Examining the points of abrasion in the so-called smart city: where code meets concrete and where algorithms encounter forms of intelligence that aren't artificial.
Celebrate ten years of Urban Omnibus and support ten more years of fresh, independent perspectives on citymaking with a donation today!
In the smart city, cameras, sensors, networked objects, and algorithms gather intelligence about the built environment and the people who inhabit it, ostensibly to provide decision-makers (or decision-making software) with information that can enable more efficient provision of services — including the policing of public space. But these technologies aren’t just available to private companies or municipal agencies. Increasingly, they are joined by consumer-grade, digital monitoring tools for the concerned citizen: Networked security cameras and license plate readers, sometimes providing direct feeds to local law enforcement, can now be purchased through Amazon. Below, Chris Gilliard explores how technologies that track create different spatial experiences for users on opposite ends of the tool — and for different races and classes at the receiving end of the surveilling gaze. At the same time that these tools blur the lines between who surveils and who is surveilled, they reinforce existing social divisions.
Four years ago, Brandon Harris recounted this anecdote of driving through his mother’s Cincinnati neighborhood:
While stopped at the intersection, I glimpsed out of my eye a tall negro dressed in a white tank top, his skin high yellow like my own, crossing the street in what seemed like a beeline toward my car. He was coming from a corner where much wasteful bravado and boisterous ennui takes place, and I felt it immediately, that familiar sensation, the need to secure my body against potential predators. I was driving an orange car with plastic orange flowers on the dash, the same car I had been driving when held up at gunpoint not far from that corner two summers before.
The man sauntered behind my car, and I locked the door. Hearing this, the electronic click of the door locks snapping into place, he looked back at me and we met eyes as I swiveled my head to watch him. We didn't stop looking at each other the whole time he crossed to the other side of the street. The light turned green, and he said, "I ain't trying to roll up on you, bruh."

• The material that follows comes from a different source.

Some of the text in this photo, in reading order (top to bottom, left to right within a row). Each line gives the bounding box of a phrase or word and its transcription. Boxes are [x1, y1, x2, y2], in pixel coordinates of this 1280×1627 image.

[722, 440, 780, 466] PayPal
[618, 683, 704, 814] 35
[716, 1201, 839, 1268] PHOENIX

That “click” sound is familiar to me. I grew up in Detroit in the early 1980s, around the time when car door power locks were becoming standard, and I would assert that for probably any Black man who grew up in any American city at that time, it was a common experience to walk down a street and hear that sound (especially at night). Click. Click. Click. Even during the summer, folks would have their windows down and still lock their car doors as I walked by. This performance was not particularly secure, mind you. If my intentions were actually to harm someone sitting in their car, a locked door with an open window is a very ineffective barrier. But the sound perhaps served more as an audible and technological reminder of how I, along with other Black men, were seen by the culture. And it was inescapable. There was no “opting out” of this form of what we now refer to as “security theater”: practices that present the illusion of increasing security or safety, but have no meaningful effect.

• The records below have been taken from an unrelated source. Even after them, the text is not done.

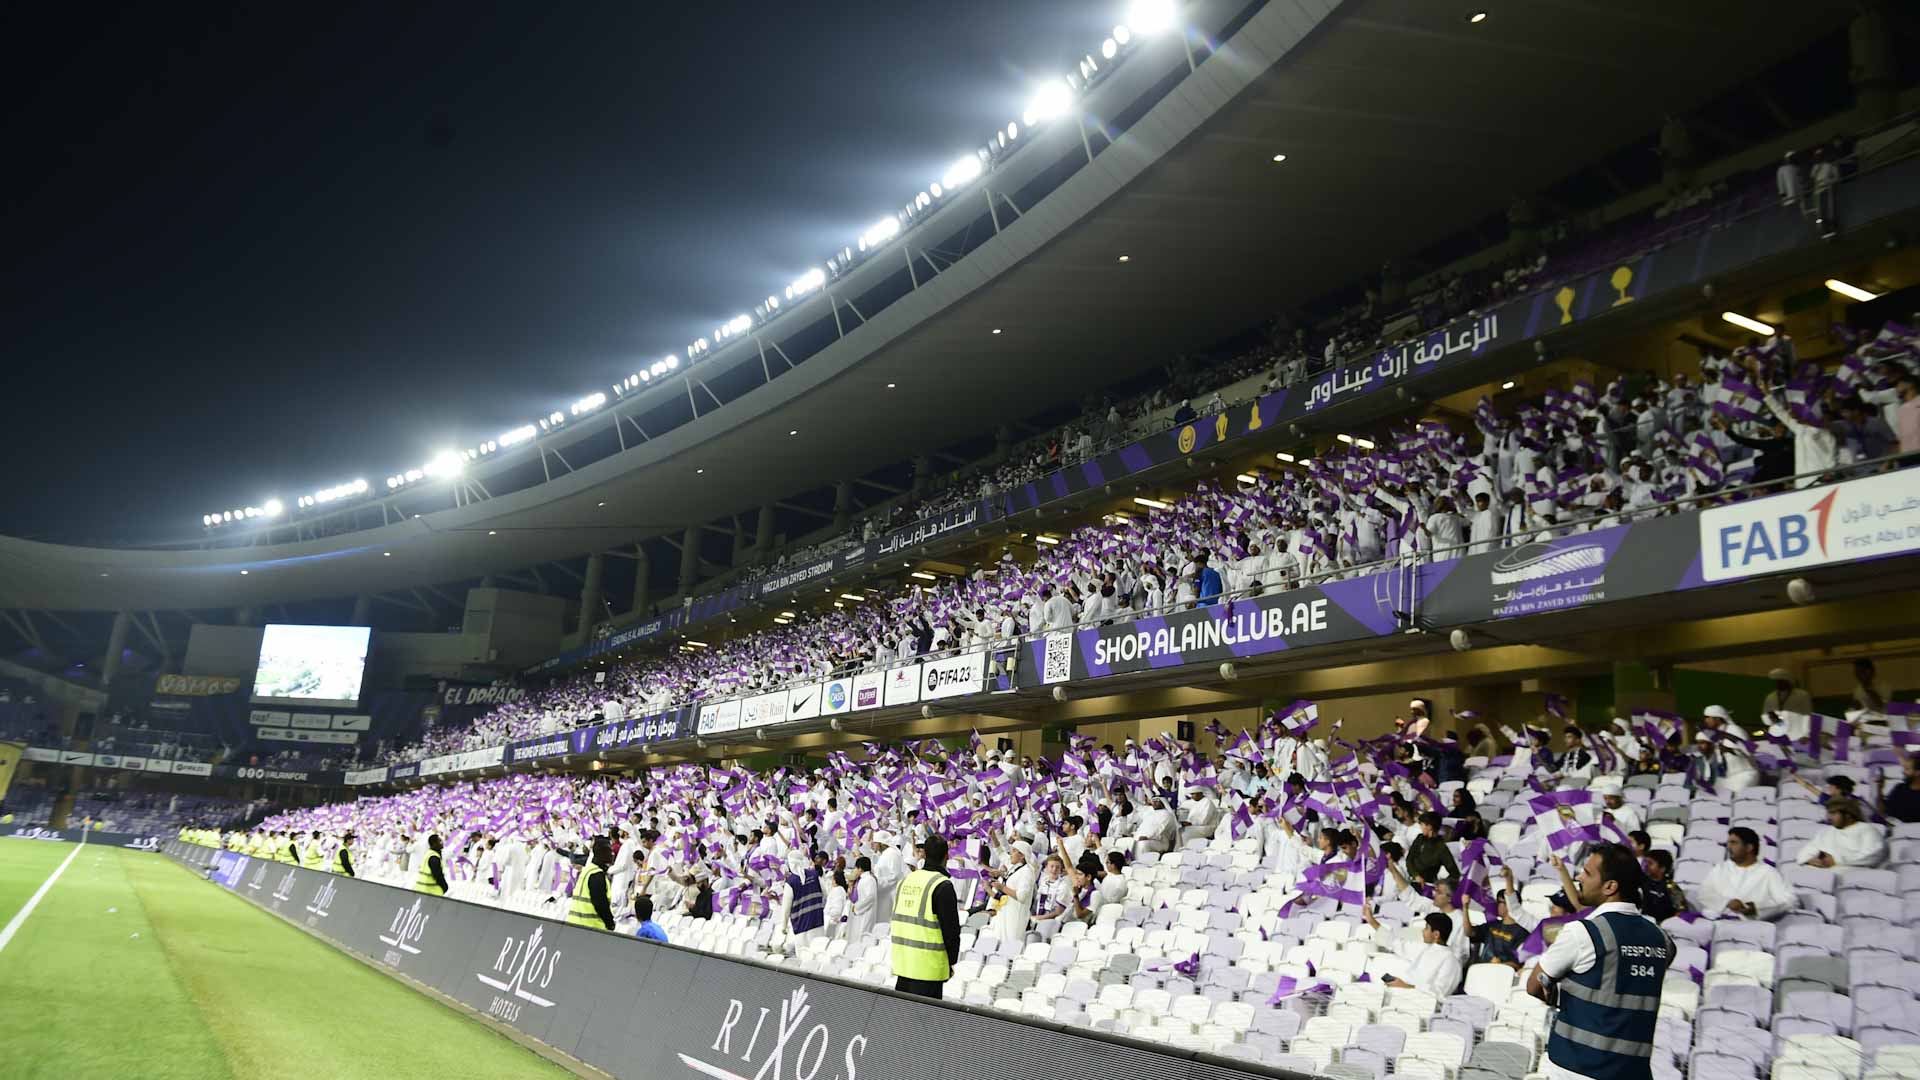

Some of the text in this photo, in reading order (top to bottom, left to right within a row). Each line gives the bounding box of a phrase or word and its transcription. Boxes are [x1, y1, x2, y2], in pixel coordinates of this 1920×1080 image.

[1304, 314, 1498, 410] الزعامة إرث عيناوي
[1719, 513, 1810, 569] FAB
[762, 576, 779, 594] HAZZA
[807, 560, 833, 579] STADIUM
[1094, 598, 1328, 666] SHOP.ALAINCLUB.AE
[939, 668, 958, 686] FIFA
[959, 666, 971, 682] 23
[444, 687, 527, 705] EL DORADO
[700, 712, 715, 730] FAB
[390, 897, 430, 943] RIXOS
[493, 924, 561, 991] RIXOS
[1620, 945, 1667, 959] RESPONSE
[1630, 964, 1656, 977] 584
[489, 996, 522, 1023] HOTELS
[711, 984, 868, 1080] RIXOS

Digital surveillance has grown exponentially in the last few years, and with it the scope and scale of security apparatus deployed across urban environments. How does the visibility — or invisibility — of these technologies elicit performative acts from people at each end of the surveilling gaze? How is one expected to act as the person watching, or as the person being watched? In the case of the mechanical door lock, the click emboldens a driver, making them feel safer, while at the same time signaling to those outside that the driver is aware of their presence. For the person outside of the car, the effect is quite different: The click signifies that you are seen, and indicates that you are perceived as a threat. A seemingly discrete act transforms not only the user of the tech and the person who is targeted by their act, but even the spatial context around it.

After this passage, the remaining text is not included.